Spectral now part of Check Point’s CloudGuard to provide the industry’s most comprehensive security platform from code to cloud Read now

How zip() Works in Python

By Uri Shamay May 10, 2021

Every now and then we get datasets that we need to combine together. The zip() function in Python returns a tuple based on the passed in parameters.

But what is a tuple? Why do we need to combine datasets together, and how, exactly, do we use zip() in Python?

What is a tuple and why it matters

In Python, a tuple is multiple items that are stored in a single variable. In a way, it is a list of whatever you put in it. Here is an example of what a tuple looks like:

 fruit_tuple = ("apple", "banana", "oranges")

But what’s so special about a Python tuple? The quick answer is, once a tuple is created, the items remain in that order, becomes unchangeable, and allows for duplicate values. In short, a tuple is immutable.

Each tuple item is indexed, with the first item index being [0].

To find the length of a tuple, the function len() can be used. Here is an example:

 fruit_tuple = ("apple", "banana", "oranges")
 print(len(fruit_tuple))

It is also good to note that a tuple is expected to have more than one item. When you only have one item, you need to add an extra comma (,) value to the end of your item. If not, Python will not recognize it as a tuple.

For example:

 not_tuple = ("apple")
 fruit_tuple = ("apple",)

If you do not have the extra comma for a single item tuple, Python will only recognize it as a string or number type, depending on the value you passed in.

For example:

 not_tuple = ("apple")
 fruti_tuple = ("apple",)
 ​
 print(type(not_tuple))
 print(type(fruit_tuple))

The above will return the following:

 <class 'tuple'>
 <class 'str'>

You can also enforce a set of data to be a tuple by using the tuple() constructor. Here is an example of how to do it:

 fruit_tuple = tuple(("apple", "banana", "oranges"))
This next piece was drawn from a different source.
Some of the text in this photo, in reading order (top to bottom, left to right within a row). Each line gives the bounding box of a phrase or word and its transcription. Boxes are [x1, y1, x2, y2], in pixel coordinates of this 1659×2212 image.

This is one way to ensure that your collection is definitely a tuple — which sets its mutability state into an immutable one.
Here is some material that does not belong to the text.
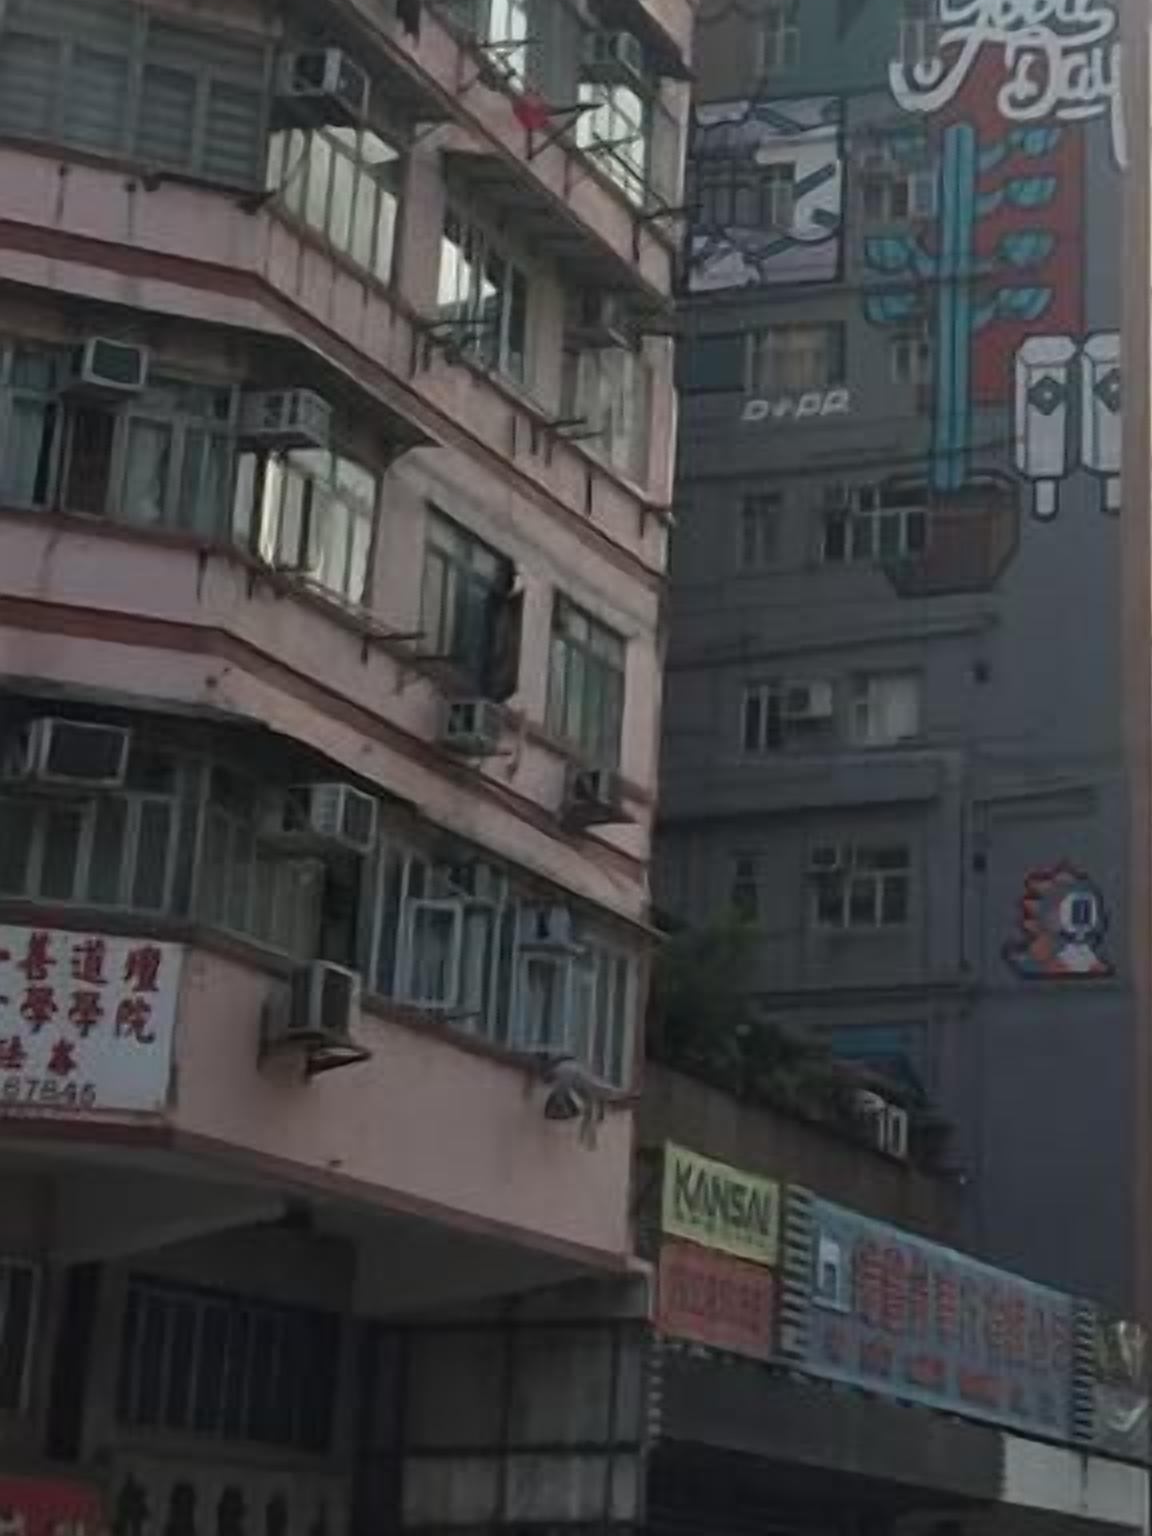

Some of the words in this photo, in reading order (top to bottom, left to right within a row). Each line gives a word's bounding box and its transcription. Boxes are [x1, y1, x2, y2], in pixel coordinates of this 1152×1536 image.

[998, 25, 1127, 171] Day
[0, 932, 162, 992] 善道壇
[674, 1157, 770, 1237] KANSAI
The relationship between tuples and zip() function in Python

So why are tuples a big deal, especially when it comes to Python’s zip() function?

This is because zip() turns sets of data into a tuple by combining them into a single output.

A tuple in Python is special because it differs from other types of data that stores collection of data. There are four data types available in Python and they are list, set, dictionary and tuple.

  • A Python list is a collection where the order remains but is changeable and allows for duplicate data
  • A Python set is unordered and unindexed, but with no duplication allowed
  • A Python dictionary is an ordered collection that is unchangeable and ordered, but like set, it doesn’t allow for duplicates.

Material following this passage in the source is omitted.